Die Original-Sattelstütze meines gleichfarbigen Karakorams von 92 (s. Foto) mißt übrigens *26,4.* Mein 97er Karakoram hat hingegen ein ganz anderes Maß (könnte 27,2 sein, ich weiß es jetzt nicht genau. Das Rad steht draußen im Schuppen und es ist kalt... ). Wir hatten dazu schon mal einen längeren Thread - GT hat auch innerhalb der Stahlräder munter die Durchmesser gewechselt.

Grüße

Frank


----------



## korat (15. Oktober 2006)

ich würde auch sagen, stell dir die rs in den keller, man weiß nie. die frißt kein brot und kann eh niemand gebrauchen.
hier kann dir, denke ich, jeder geschichten von verkauften teilen berichten und der reue hinterher...

ne günstige starrgabel findest du beim e immer, eine schwarze dürfte noch am wenigsten schmerzen. mit geraden gabelscheiden wird es wahrscheinlich schon wieder exklusiver und damit teurer. (kona p2, germans etc.)

aber wenigstens den vorbau würde ich lassen, also nicht auf ahead umrüsten. und wer weiß, wenn du gt beim e fleißig beobachtest, ist vielleicht auch irgendwann die originalgabel dabei.

hach, ich hab einfach eine schwäche für tequila sunrise (hieß doch so, oder?) für mich zusammen mit einigen frühen seltenen sachen der wohl schönste paintjob, den gt jemals gemacht hat.


----------



## Kint (15. Oktober 2006)

yeppp....


----------



## Kint (15. Oktober 2006)

und yep gt hat gewechselt, aber ale die ich bisher inner hand hatte hatten 26,8.   ich denke das ist das gebräuchlichste maß bei sattelstützen bei gt.

generell ist bei den gabeln immer ein problem. Selbst wenn Du sie mit dazu bekommst vom verkäufer - was schon selten genug ist - dann hat das rad meist etwas mehr uv licht abbekommen als die gabel die zum schutz wahrscheinlich auch noch 10 Jahre in ner decke eingewickelt war. Aus rein ästhetischen Gesichtsgründen kommst schon meist nicht drumrum neu zu lacken... und nötig hats entweder die gabel oder der rahmen eh meist....

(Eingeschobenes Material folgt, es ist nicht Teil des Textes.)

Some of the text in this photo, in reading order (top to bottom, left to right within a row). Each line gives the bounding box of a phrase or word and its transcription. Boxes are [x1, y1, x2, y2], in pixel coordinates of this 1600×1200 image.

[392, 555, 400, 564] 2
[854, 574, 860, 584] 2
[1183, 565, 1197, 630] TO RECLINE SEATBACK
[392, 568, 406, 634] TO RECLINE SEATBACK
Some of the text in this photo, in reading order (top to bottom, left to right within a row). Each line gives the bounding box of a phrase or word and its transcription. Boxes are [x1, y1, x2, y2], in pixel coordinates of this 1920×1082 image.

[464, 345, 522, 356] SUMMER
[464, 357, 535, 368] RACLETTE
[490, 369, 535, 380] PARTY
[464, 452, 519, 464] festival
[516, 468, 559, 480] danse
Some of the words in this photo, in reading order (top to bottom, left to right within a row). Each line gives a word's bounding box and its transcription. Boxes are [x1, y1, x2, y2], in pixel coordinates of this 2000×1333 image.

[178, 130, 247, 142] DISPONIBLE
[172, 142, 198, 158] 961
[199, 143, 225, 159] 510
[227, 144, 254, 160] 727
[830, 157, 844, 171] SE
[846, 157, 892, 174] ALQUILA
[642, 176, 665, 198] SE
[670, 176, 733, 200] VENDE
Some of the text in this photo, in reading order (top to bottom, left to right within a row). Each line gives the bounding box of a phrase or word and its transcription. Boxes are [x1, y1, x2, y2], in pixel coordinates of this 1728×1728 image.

Das mal bedenken insanerider bei der pm ...


----------



## kingmoe (15. Oktober 2006)

Korat und Kint haben ja schon alles gesagt, aber: Wie lang muss denn der Gabelschaft sein und wie lang ca. das Gewinde? Der Vorbau muss bleiben, das ist klar!!


----------



## insanerider (15. Oktober 2006)

..ja OK habt mich überzeugt....sie wird doch erstmal als Test verbaut und ich schau mal wie ich das mit dem Service organisiere und dann suche ich in Ruhe über den Winter mal ´ne passende Starre....

Danke Euch allen!


----------



## insanerider (15. Oktober 2006)

..achja Schaft 14 cm, Gewinde ca.2,2 cm...


----------



## kingmoe (15. Oktober 2006)

insanerider schrieb:


> ..achja Schaft 14 cm, Gewinde ca.2,2 cm...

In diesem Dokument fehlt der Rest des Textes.